Politica e storia degli Stati Uniti

Polemichette monumentali. Appunti su iconoclastia, puritanesimo, anti-occidente, anti-storia, correttezza politica

Mosè distrugge il vitello d’oro, miniatura (1445?)

Iconoclasti? Davvero sono iconoclasti quei militanti che, negli Stati Uniti ma anche altrove, attaccano certi monumenti, magari li vandalizzano, qualche volta li abbattono, più spesso ne chiedono e ottengono la rimozione da parte delle autorità? Davvero sono simpatizzanti iconoclasti quei cittadini (un po’ più numerosi dei militanti essendo i militanti, com’è ovvio, una esigua ancorché attiva minoranza) che guardano a questi atti con qualche simpatia e comprensione? 

In realtà sembra proprio di no. Lo si dice e si ripete un po’ di routine, e un po’ all’ingrosso, in tanti libri e articoli, e anche in alcune recensioni al mio libro I fastidi della storia. E tuttavia qualunque definizione di iconoclastia rinvia all’avversione al culto delle immagini in quanto tale, considerato di per sé una forma di idolatria e condannato da varie culture politiche e religiose, compresa quella biblica protestante. Nei casi americani contemporanei non c’è nulla di questo; forse c’era qualcosa ai tempi della giovanissima repubblica, retaggio delle performances dei rivoluzionari inglesi di metà Seicento, ma insomma, più di due secoli fa. Oggi c’è piuttosto l’avversione al culto di quelle immagini lì, di quelle icone specifiche lì, quelle e non altre, ritenute oltraggiose perché celebrano (non ricordano, celebrano nella pubblica piazza) personaggi storici ritenuti degli aguzzini. Altre immagini, altre icone sono le benvenute, addirittura desiderate, volute. Nuovi monumenti sono eretti di continuo, un profluvio di monumenti, dedicati a persone, a cause, a eventi, che rispecchiano altre prospettive sul mondo e sulla storia.

Puritani? Sono davvero espressione di una cultura puritana i protagonisti di questi movimenti e più in generale della cosiddetta cancel culture americana? Lo suggerisce (non da solo) anche Giorgio Caravale in un bell’articolone sul Foglio di sabato 5 agosto [La ruota della cancel culture]. Negli Stati Uniti di oggi ma anche di ieri mi sembra davvero difficile rintracciare qualcosa che possa essere definito puritanesimo. E’ piuttosto cosa dell’altro ieri, cioè, in effetti di prima della Rivoluzione, e riguarda (riguardava) un angolo piccolo e appartato del mondo coloniale britannico, bianco anglo-sassone protestante, WASP si sarebbe detto più tardi, in alcune aree della Nuova Inghilterra intorno a Massachusetts Bay.
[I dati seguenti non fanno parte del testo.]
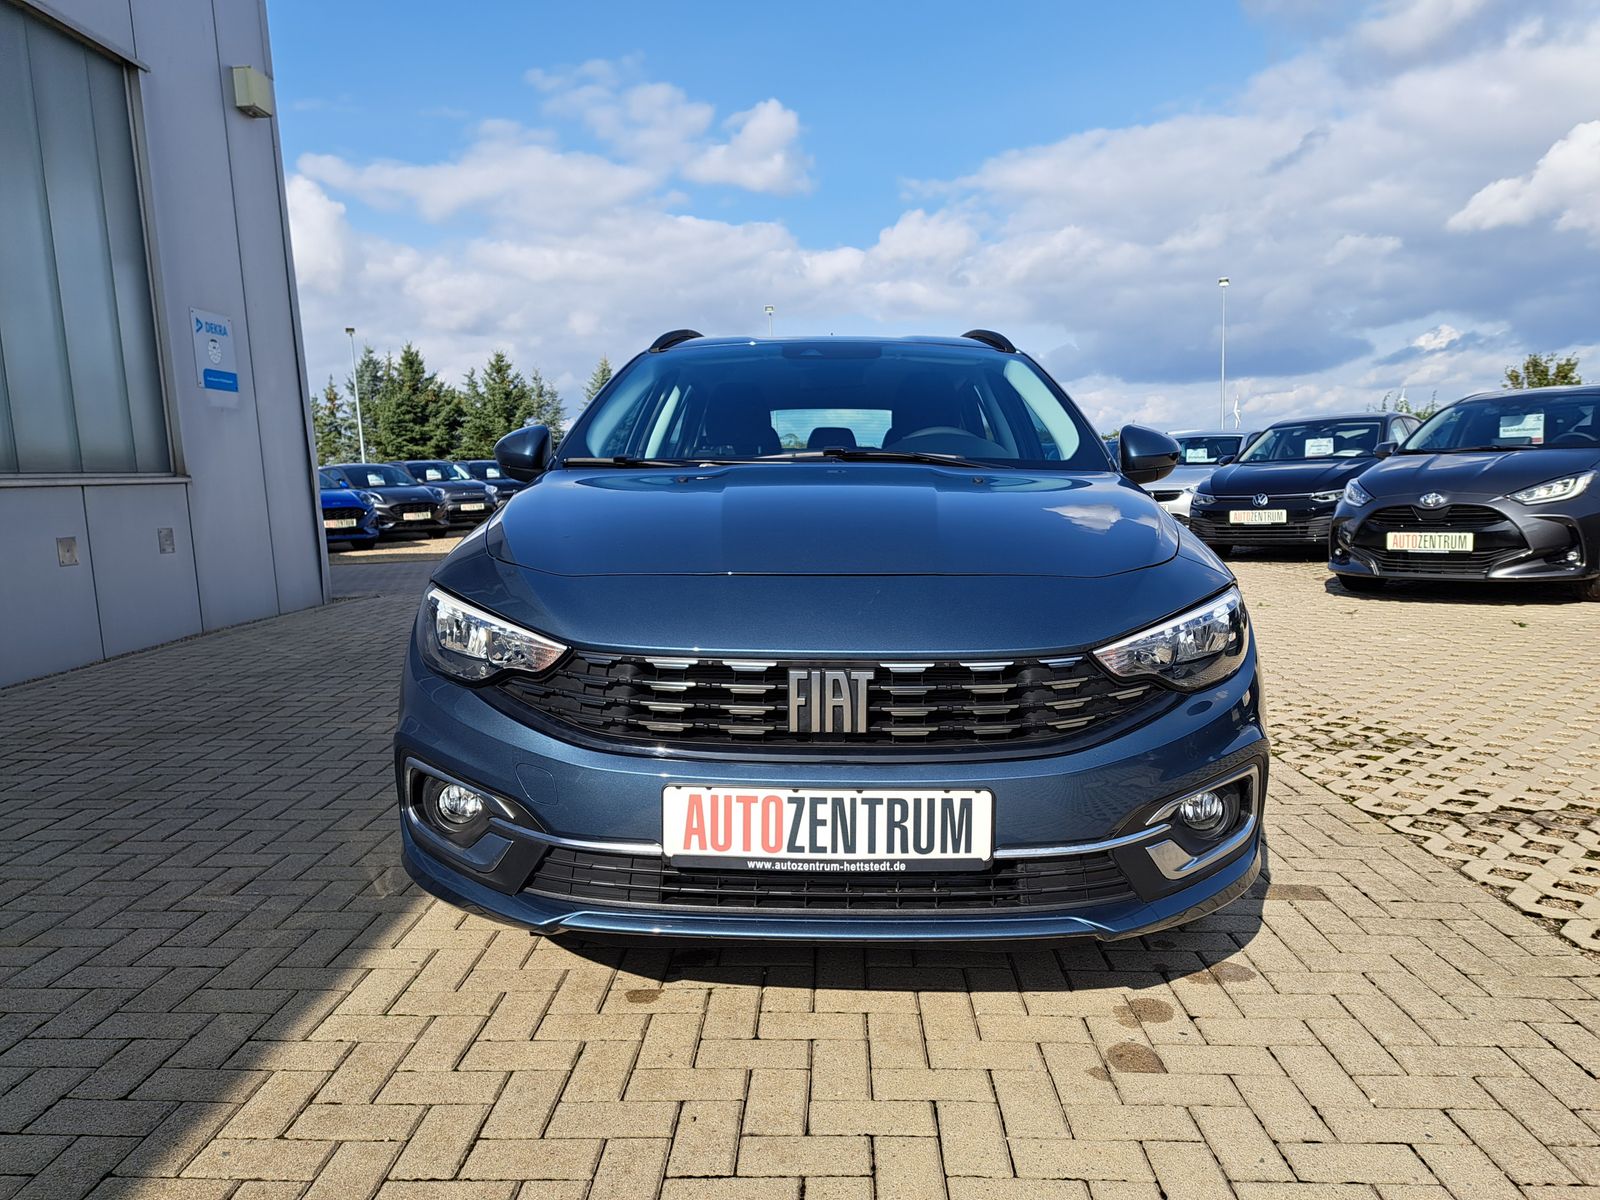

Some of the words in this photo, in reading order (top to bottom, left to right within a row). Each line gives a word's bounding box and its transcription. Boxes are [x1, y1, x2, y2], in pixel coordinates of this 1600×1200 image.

Fuori di quell’angolo non c’era nulla allora, non nelle colonie centrali atlantiche tipo New York, New Jersey, Pennsylvania, comunità cosmopolite, multietniche e multireligiose, tolleranti e pluraliste, gente di mondo per forza di cose; e non nelle colonie meridionali dominate dalla Chiesa espiscopale legata alla Chiesa anglicana, la più liturgica e “cattolica” delle confessioni protestanti. Fuori di quell’angolo, e poi anche lì, non c’è stato nulla dopo di allora, nel corso dei secoli. Fra l’altro, il paese è diventato sempre meno WASP. E’ diventato sempre meno anglo-sassone e sempre meno protestante, con l’infusione di massa di immigrati irlandesi, polacchi, italiani, ebrei e infine, nell’ultimo mezzo secolo, ispanici. Ed è diventato sempre meno bianco. Se proprio si vuol vedere del fondamentalismo di origine religiosa nei movimenti iconoclastici (oddio ci son cascato anch’io, non per la prima volta), perché non pensare a una forma di bigottismo cattolico? E saranno puritani gli attivisti di discendenza africana di Black Lives Matter? E che dire dei Native Americans che ce l’hanno su con Cristoforo Colombo e il generale Custer? 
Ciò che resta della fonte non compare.